→ **YOUR INSTRUCTIONS**
Give the entries again in full. Nothing may be altered.

[Items from a data source]
┏━━

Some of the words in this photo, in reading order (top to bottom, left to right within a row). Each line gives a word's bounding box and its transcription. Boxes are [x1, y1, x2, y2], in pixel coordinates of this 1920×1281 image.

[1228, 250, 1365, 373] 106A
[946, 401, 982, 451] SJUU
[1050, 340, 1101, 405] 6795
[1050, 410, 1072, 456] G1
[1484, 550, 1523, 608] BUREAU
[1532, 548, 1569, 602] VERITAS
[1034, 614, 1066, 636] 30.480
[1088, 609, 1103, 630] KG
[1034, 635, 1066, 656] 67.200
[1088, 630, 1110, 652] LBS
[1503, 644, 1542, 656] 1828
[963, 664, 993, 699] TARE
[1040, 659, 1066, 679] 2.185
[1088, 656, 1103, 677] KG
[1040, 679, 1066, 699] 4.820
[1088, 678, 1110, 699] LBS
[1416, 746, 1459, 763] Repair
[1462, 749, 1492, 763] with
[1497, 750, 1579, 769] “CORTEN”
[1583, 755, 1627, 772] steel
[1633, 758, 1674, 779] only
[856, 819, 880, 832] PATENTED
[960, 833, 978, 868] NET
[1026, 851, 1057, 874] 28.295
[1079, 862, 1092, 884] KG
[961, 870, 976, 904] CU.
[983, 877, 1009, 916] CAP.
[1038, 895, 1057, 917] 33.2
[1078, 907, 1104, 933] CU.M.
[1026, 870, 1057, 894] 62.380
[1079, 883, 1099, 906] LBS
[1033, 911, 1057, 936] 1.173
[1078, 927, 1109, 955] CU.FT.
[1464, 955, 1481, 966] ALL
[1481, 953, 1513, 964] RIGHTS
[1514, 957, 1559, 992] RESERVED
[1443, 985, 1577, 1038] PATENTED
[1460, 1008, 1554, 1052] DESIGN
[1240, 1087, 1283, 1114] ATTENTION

┗━━

→ **FINISHED EXERCISE**
Some of the words in this photo, in reading order (top to bottom, left to right within a row). Each line gives a word's bounding box and its transcription. Boxes are [x1, y1, x2, y2], in pixel coordinates of this 1920×1281 image.

[1228, 250, 1365, 373] 106A
[946, 401, 982, 451] SJUU
[1050, 340, 1101, 405] 6795
[1050, 410, 1072, 456] G1
[1484, 550, 1523, 608] BUREAU
[1532, 548, 1569, 602] VERITAS
[1034, 614, 1066, 636] 30.480
[1088, 609, 1103, 630] KG
[1034, 635, 1066, 656] 67.200
[1088, 630, 1110, 652] LBS
[1503, 644, 1542, 656] 1828
[963, 664, 993, 699] TARE
[1040, 659, 1066, 679] 2.185
[1088, 656, 1103, 677] KG
[1040, 679, 1066, 699] 4.820
[1088, 678, 1110, 699] LBS
[1416, 746, 1459, 763] Repair
[1462, 749, 1492, 763] with
[1497, 750, 1579, 769] “CORTEN”
[1583, 755, 1627, 772] steel
[1633, 758, 1674, 779] only
[856, 819, 880, 832] PATENTED
[960, 833, 978, 868] NET
[1026, 851, 1057, 874] 28.295
[1079, 862, 1092, 884] KG
[961, 870, 976, 904] CU.
[983, 877, 1009, 916] CAP.
[1038, 895, 1057, 917] 33.2
[1078, 907, 1104, 933] CU.M.
[1026, 870, 1057, 894] 62.380
[1079, 883, 1099, 906] LBS
[1033, 911, 1057, 936] 1.173
[1078, 927, 1109, 955] CU.FT.
[1464, 955, 1481, 966] ALL
[1481, 953, 1513, 964] RIGHTS
[1514, 957, 1559, 992] RESERVED
[1443, 985, 1577, 1038] PATENTED
[1460, 1008, 1554, 1052] DESIGN
[1240, 1087, 1283, 1114] ATTENTION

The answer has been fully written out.